2 Replies Latest reply on Jun 18, 2014 2:43 AM by pinform

    strange delays appear in CPU kernel execution when adding GPU


      I'm working on a multi-threaded C++ application that uses OpenCL to solve differential equations. The application is intended to utilize both the CPU and GPU OpenCL devices when available. This dual device, and dual platform use case on my target machine is experiencing a strange slow down in expected performance. The CPU is AMD 16-core Opteron 6274 (AMD APP SDK 2.9) and GPU is NVIDIA K20X.


      I've been using the OpenCL event profiling functionality to troubleshoot the performance. The problematic behavior I am asking about today is a mysterious 40ms delay that starts happening between on the CPU following the first couple of kernel ND range executions.  The GPU performance is as expected.

      When executing on CPU device only: performance is as expected. Time per-unit of computation is observed.


      When adding the GPU to the simulation, performance for the first few kernel ND range executions on the CPU behaves as expected, matching the same per-unit performance as for CPU only.


      After the sixth CPU kernel ND range execution, all subsequent CPU kernel ND range events have an extra 40 ms that appears relative to the baseline events.  This 40 ms either inserts between the kernel event 'CL_PROFILING_COMMAND_START' and 'CL_PROFILING_COMMAND_STOP' or 'CL_PROFILING_COMMAND_SUBMIT' and 'CL_PROFILING_COMMAND_START'.


      There are no task dependencies that would explain a delay. Later cycles just repeat the earliest one anyway, so I don't understand why later behavior would have the anomalous 40ms delay.


      This can be best illustrated graphically, so I plotted the first few cycles of my application in a SVG format.

      >>>> CPU +GPU Event Profile Visualization <<<<

      Each event has several properties:


      Horizontal position is time in milliseconds along the x-axis.

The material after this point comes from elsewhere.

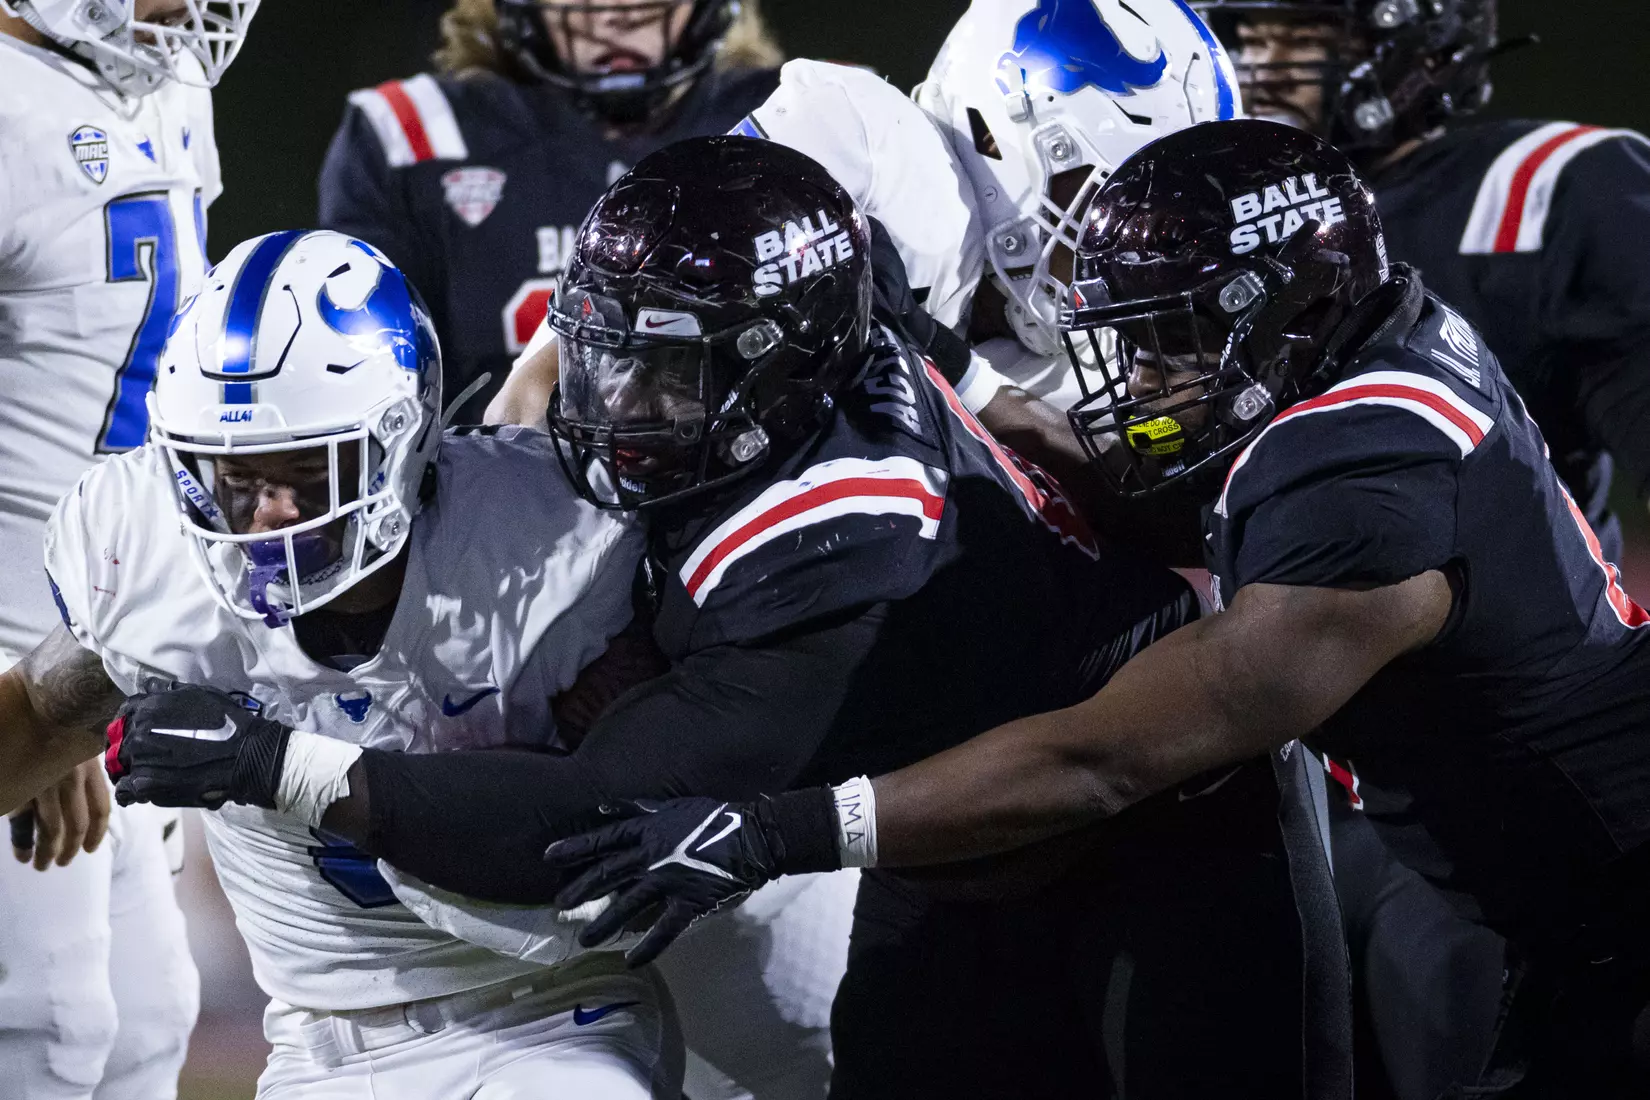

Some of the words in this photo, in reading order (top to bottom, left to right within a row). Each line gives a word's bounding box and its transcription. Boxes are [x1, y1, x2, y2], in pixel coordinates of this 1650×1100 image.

      Line color distinguishes different devices and command queues:  The purple shades are the two CPU queues, the yellow varieties are the four GPU queues.

      Each event has four markers:

      CL_PROFILING_COMMAND_QUEUED - vertical bar

      CL_PROFILING_COMMAND_SUBMIT - light blue diamond

      CL_PROFILING_COMMAND_START  - green arrow

      CL_PROFILING_COMMAND_STOP   - red square


      If you are viewing the SVG in a compatible viewer (Chrome and Firefox), hovering the mouse over the symbols should reveal a link that is actually just a short text description of the event.

      If you see no horizontal or vertical lines, then your SVG viewer has a bug.  (e.g. Safari browser)


      For the CPU+GPU case, each cycle the CPU computes thee ND range of the same kernel and same kernel arguments.  The first two ND ranges are significantly smaller -- about 1% of the final range.


      Referring to the SVG image, the first three CPU process kernel events between 0 and 250 ms look just as I expect.  Same goes for the next three between 910 ms and 1150 ms.  The next three CPU kernel events queued at 1150 ms and all following sets of three CPU kernel events demonstrate the ~40 ms delays.


      What's going on?

      I'm not sure what else to do for troubleshooting.

      Any advice would be appreciated!

        • Re: strange delays appear in CPU kernel execution when adding GPU


          It is very difficult to reach any conclusion merely by looking at the graph. It should however be kept in mind that on CPU side, there are many processes apart from your process that are vying for CPU time. The OS level scheduler decides which processes to be given CPU time slot. One conjecture then could be that the delay may be due to OS level scheduling.


          It can be observed from the graph that the pattern for the GPU remains the same. Another conjecture is that OpenCL requires some CPU time to schedule job on the GPU, and in first two cycles it is hidden because OpenCL runtime has already scheduled GPU jobs before starting executing CPU processes.

          The following could be done to probe this further-

          1. Observe the pattern for the long time. Is 40 ms constant over the long time? What happens if OS starts other processes while this process is still running?

          2. Off/On code execution on the GPU (since CPU/GPU processes are independent, this should not be a problem). What kind of pattern is observed?